375 P.3d 627
Wash.2016Background
- Christopher Piris pleaded guilty in 1998 to two counts of first-degree rape of a child; in 1999 he was sentenced to 159 months (offender score 7).
- On appeal, Division One lowered his offender score to 6, vacated the sentence, and remanded for resentencing in 2000; the mandate issued April 7, 2000.
- Piris was not resentenced until 2012; at that time he received a 146-month sentence (the corrected range bottom). By then he alleged he had already served the original 159 months.
- Piris sued his trial counsel (Kitching/SCRAP), his appellate counsel (Nielsen), and King County for legal malpractice, claiming negligence in failing to secure timely resentencing and damages for ~13 months of excess incarceration.
- The superior court granted summary judgment for defendants based on the requirement that criminal-malpractice plaintiffs prove actual innocence (Ang v. Martin).

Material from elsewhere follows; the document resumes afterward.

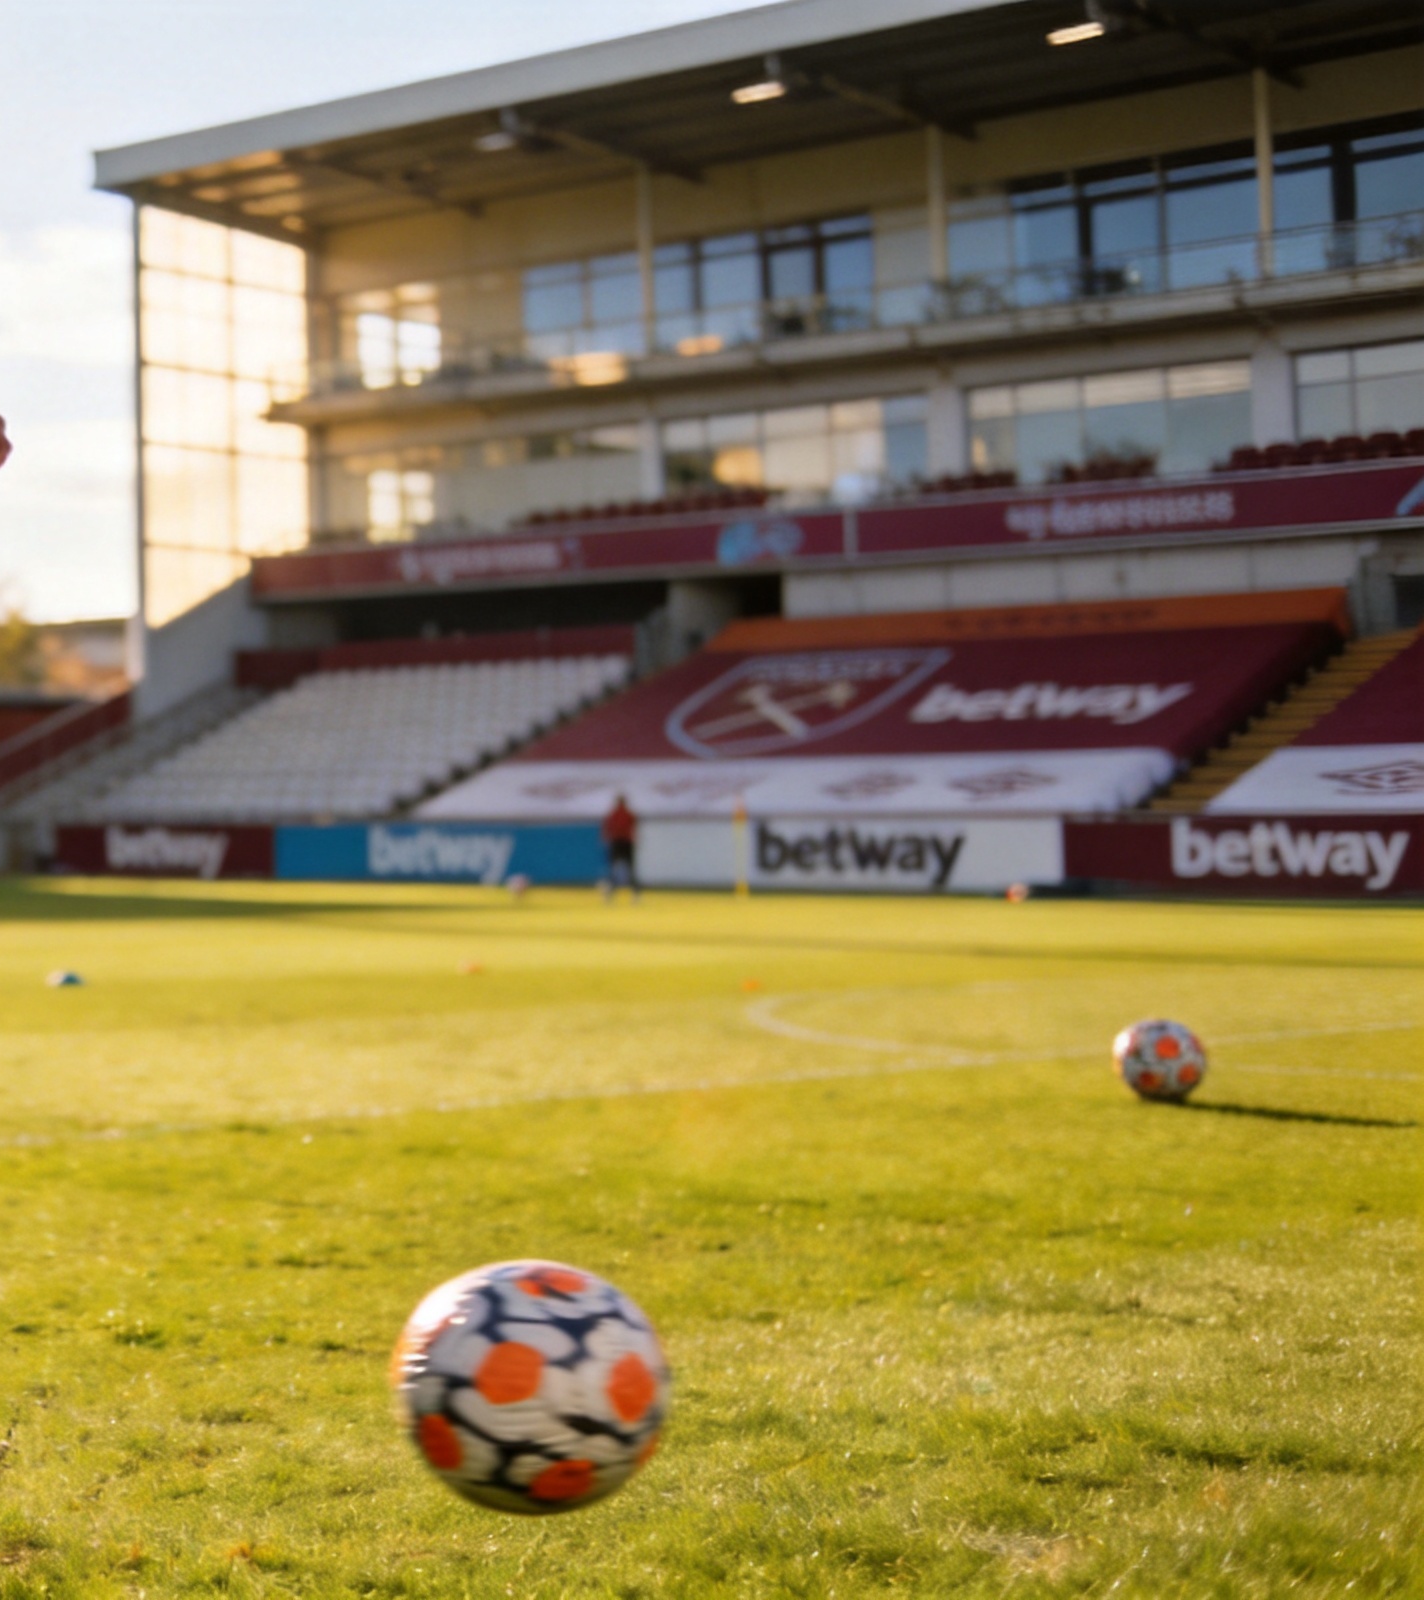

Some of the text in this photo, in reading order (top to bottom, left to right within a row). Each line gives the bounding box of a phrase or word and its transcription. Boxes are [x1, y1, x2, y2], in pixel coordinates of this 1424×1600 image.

The Court of Appeals affirmed; the Washington Supreme Court granted review.
Issues
| Issue | Plaintiff's Argument | Defendant's Argument | Held |
|---|---|---|---|
| Whether "actual innocence" is a prerequisite to a criminal-malpractice claim for sentencing/resentencing delay | Piris: actual innocence should not be required where attorney negligence caused unlawful excess incarceration after postconviction relief; Powell exception applies to sentencing errors | Defendants: Ang controls; actual innocence is required; Powell is a narrow exception limited to unauthorized/illegal sentences | Held: Actual innocence is required; Powell's narrow exception is inapplicable here because both original and corrected sentences were within court authority |
| Whether Powell exception (illegal/unauthorized sentence) applies | Piris: Powell dispenses with actual innocence for sentencing malpractice | Defendants: Powell is limited to cases where court had no authority to impose the longer sentence | Held: Powell recognized as extremely narrow; not applicable because sentences here were lawful within court's authority |
| Whether alleged failure to timely resentence can create proximate causation without proving innocence | Piris: excess time served was caused by counsel's negligence, not by his criminal act; causation satisfied | Defendants: allowing the claim would undercut Ang's policy rationales (e.g., preventing criminals from profiting) | Held: Court applies Ang's public-policy rationale and requires actual innocence for causation; claim barred |
| Whether summary judgment was appropriate on these grounds | Piris: disputed causation/policy; case should proceed | Defendants: no genuine issue of material fact on the legal requirement; entitlement to judgment as a matter of law | Held: Summary judgment affirmed for defendants; case dismissed |
Key Cases Cited
- Ang v. Martin, 154 Wn.2d 477 (2005) (establishes that criminal-malpractice plaintiffs must prove actual innocence by a preponderance as a proximate-causation and public-policy requirement)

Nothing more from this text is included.